A general Relay is a mechanical switch. Its contact is closed when a current flows through a coil.
On the circuit diagram below is a simple basic circuit. You will understand the working of a relay.
A smaller voltage (V1) is maximum voltage that the coil can get it. There is a lower-current I1 flow through R-resistor. It limits current to a safe level for the coil.
Thus, when the current flows through the coil. Then, a magnetic field occurs. It makes the contact of relay connects together as a switch is closed. To connect the voltage-V2 provides a high current (I2) to Load as we need.
Sometimes you may use the relay with a digital circuit. Using the output pulse from a microcontroller or digital gate ICs. To control relay to works.
But the most, its output is low current. So you need a helper, use a transistor to switch high current to drive the coil instead.
Most transistor relay driver circuit
In the circuit below is most transistor relay driver circuit. The coil of relay needs a current about 100 mA. And, the input current at output of a normal digital circuit is about 2 mA.
You can calculate a limiting resistors-R from the input voltage and current. For example, input voltage of 5V, Current of 2 mA approximately.
Thus, You can calculate R as follows:
R = (Vin-VBE)/Iin
Vin = 5V, VBE of a silicon transistor is about 0.7V, Iin = 2 mA
R = (5-0.7)/(2mA)
= 2,150 ohms
Thus, we should select R = 2.2 Kohms. It is the standard value. You can buy it any stores.
VBE is a voltage across at base-emitter of a transistor.
What is transistors number?
In the circuit above, Here is how you can choose a proper number. First, It is an NPN transistor type.

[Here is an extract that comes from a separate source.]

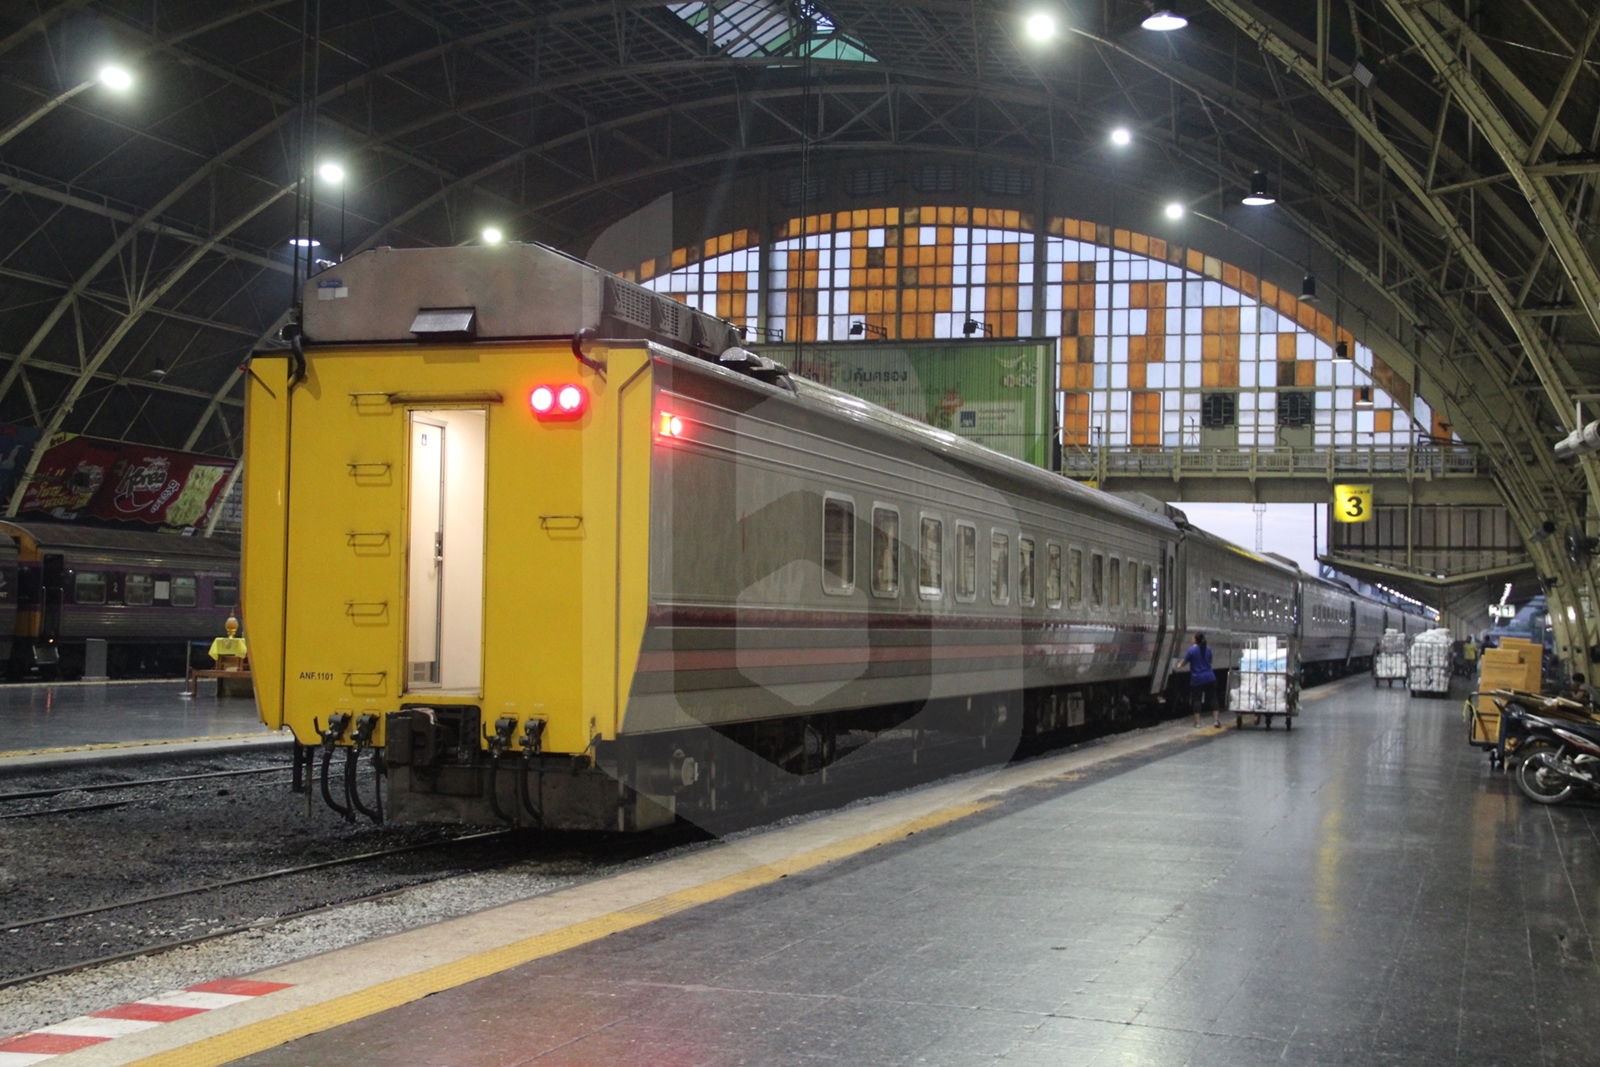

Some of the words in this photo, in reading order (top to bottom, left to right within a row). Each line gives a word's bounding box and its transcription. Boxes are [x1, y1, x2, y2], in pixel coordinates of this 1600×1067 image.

[115, 465, 167, 498] Korea
[1346, 496, 1363, 517] 3
[299, 672, 333, 680] ANF.1101

Suppose the transistor has a currents Gain (hFE) about 50 times. Since the input current is about 2 mA. So, get current out of the output is about 100 mA (2×50 = 100). It is enough to a needs of the relay coil.
There are a lot of transistors that have the hFE gain is more than 50. For example, 2N3053, 2N2222 transistor etc.
Then, Look at Table: 1
They show size of many value.
- Vin—input voltage
- Iin—output current of ICs
- Icoil—current of Relay coil
- R—limit current resistor
Table 1 show a size of input voltage of various digital ICs and the relay coil need. By has various resistor-R limit proper current for circuit.
The relay coil is get from input voltage.
In Figure 3 is the driver relay circuit by use input voltage to feed to the relay coil, but has some voltage junction base and emitter lead of transistor. Which has value about 0.7 volts. For example : input from the pulse output digital pulse of 12 volts to drive to transistor. Therefore, we will have voltage across the relay coil about 12V-0.7V = 11.3V etc.
This circuit does not require a resistor-R Because the circuit as emitter follower will has a high input impedance already, so do not worry that the noise came as a result, the transistor works, the input current “Iin” calculated by the current flowing through the relay coil divided by the gain of transistor. Such as resistance of the relay coil equals 120 ohms. Which we use transistor has gain is 50 times will calculate the “Iin” below:
Iin = (100×10/-3)/50
Therefore, it calculates current input equals: 2 mA.
On each relay feature will is determined the resistance of coil is ohms unit. So if we know voltage of relay will also calculate the current of coil. such as voltage of relay is 12 volts.
The resistance of relay coil 120 ohms will can calculate current flowing through the relay coil is 12 divided by 120 equals 0.1 A or 100 mA etc.
How to increase gain
On Figure 4 is the relay driver circuit that has increasing gain up. In case that very low input current from digital circuit. We will see that this circuit we use the transistor as Darlington compound to replace two transistors.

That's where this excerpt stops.